The main objective of the ScAlApplixproject is to analyze and solve scientific computing problems coming from complex research and industrial applications and involving scaling. This allows us to validate the numerical schemes, the algorithms and the associated softwares that we develop. We have today three reference application domains which are fluid mechanics, molecular dynamics and host-parasite systems in population dynamics. In these three domains, we study and simulate phenomena that are by nature multiscale and multiphysics, and that require enormous computing power. A major part of these works leads to industrial collaborations in particular with the CNES, ONERA, and with the french CEA/CESTA and CEA/Ile-de-France centers.
The numerical simulation of unsteady flows is still a challenge since efficient schemes and efficient implementations are needed. This challenge is even higher if large size problems are to be tackled, and if the meshes are not regular.
Among the problems to be considered, one may list the computation of mixing layers, shock–vortices interactions, the noise generated by a flow. This last item clearly needs very high order schemes, and the today best schemes use regular structured meshes. Hence, one of our objectives is to construct very high order schemes for unstructured meshes.
Another example where large computer resources are needed is the simulation of multiphase flows. In that case, several difficulties must be faced: unsteady flows, complex geometries and a very complex physical model.

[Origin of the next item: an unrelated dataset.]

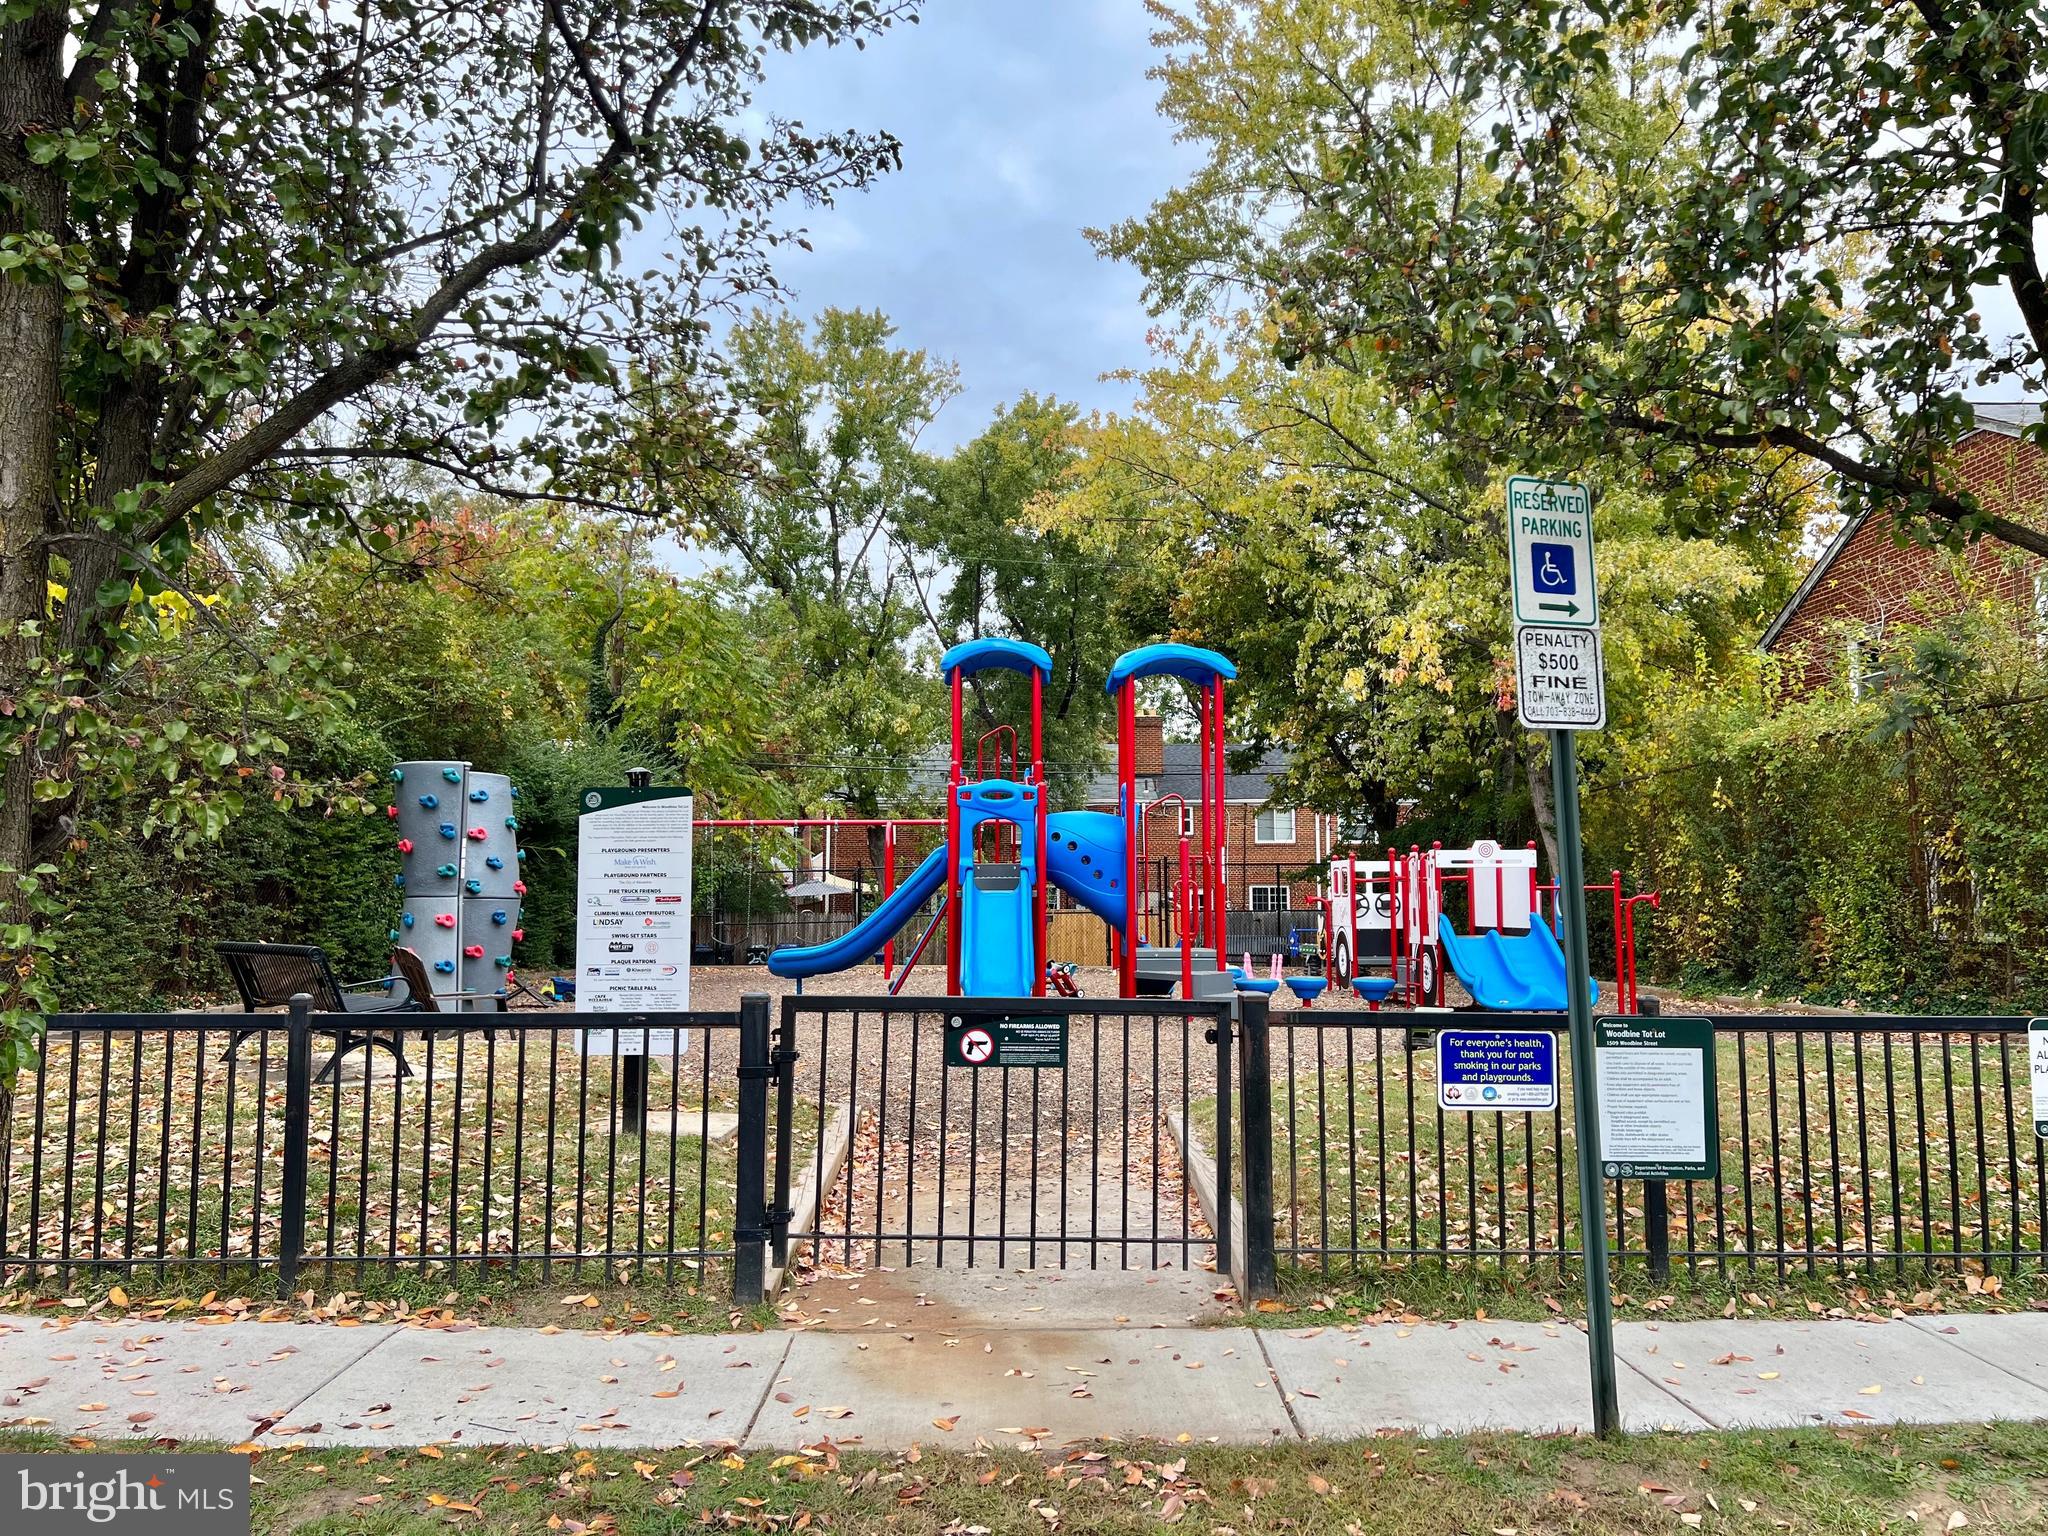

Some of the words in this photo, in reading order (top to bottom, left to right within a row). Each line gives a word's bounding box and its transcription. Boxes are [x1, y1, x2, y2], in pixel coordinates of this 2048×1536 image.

Due to the increase of available computer power, new applications such as reaction paths, free energy computations, biomolecular dynamics simulations or failure material simulations are now commonly performed by chemists. These computations simulate systems up to several thousands of atoms, for large time scales up to several nanoseconds. The larger the simulation is, the smaller the computational cost of the potential driving the phenomena is, resulting in low precision results. To achieve realistic results, simulations need to include the environment surrounding the molecules, such as water and membranes, resulting in system sizes up to about several hundred thousands of atoms. Furthermore, simulating the aggregation of proteins, which is critical for biologists studying viruses, requires models of up to one million atoms, with a simulation time up to one millisecond. This implies that atomistic simulations must be speeded up by several orders of magnitude. To obtain this speed, numerical and parallel algorithms must be improved, as well as their implementations on distributed or parallel architectures.
In population dynamics, systems can present very complex behaviors and can be difficult to analyse from a purely mathematical point of view. The aim of this interdisciplinary project was to develop numerical tools for population dynamics models arising in modelling complex heterogeneous host-parasite systems. Some typical heterogeneities we consider are spatial locations, age or ability to recruit macroparasites for hosts, age of macroparasites. Our main goals are: understanding the impact of a host population structure on a parasite population dynamics, developing accurate numerical simulations using parallelization, designing prophylactic methods. For many host-parasite systems different time scales between the host population (e.g. a one year period) and the virus (e.g. an infected host dies with a few weeks) require a small time step. Numerical schemes of the resulting nonlinear epidemiological model in spatially heterogeneous environment are complex to perform and reliable numerical results become difficult to get when the size of the spatial domain is increasing. In addition, many input parameters (biological and environmental factors) are taken into account to compare results of simulations and observations from field studies. Therefore, a realistic simulator has a significant computation cost and parallelization is required.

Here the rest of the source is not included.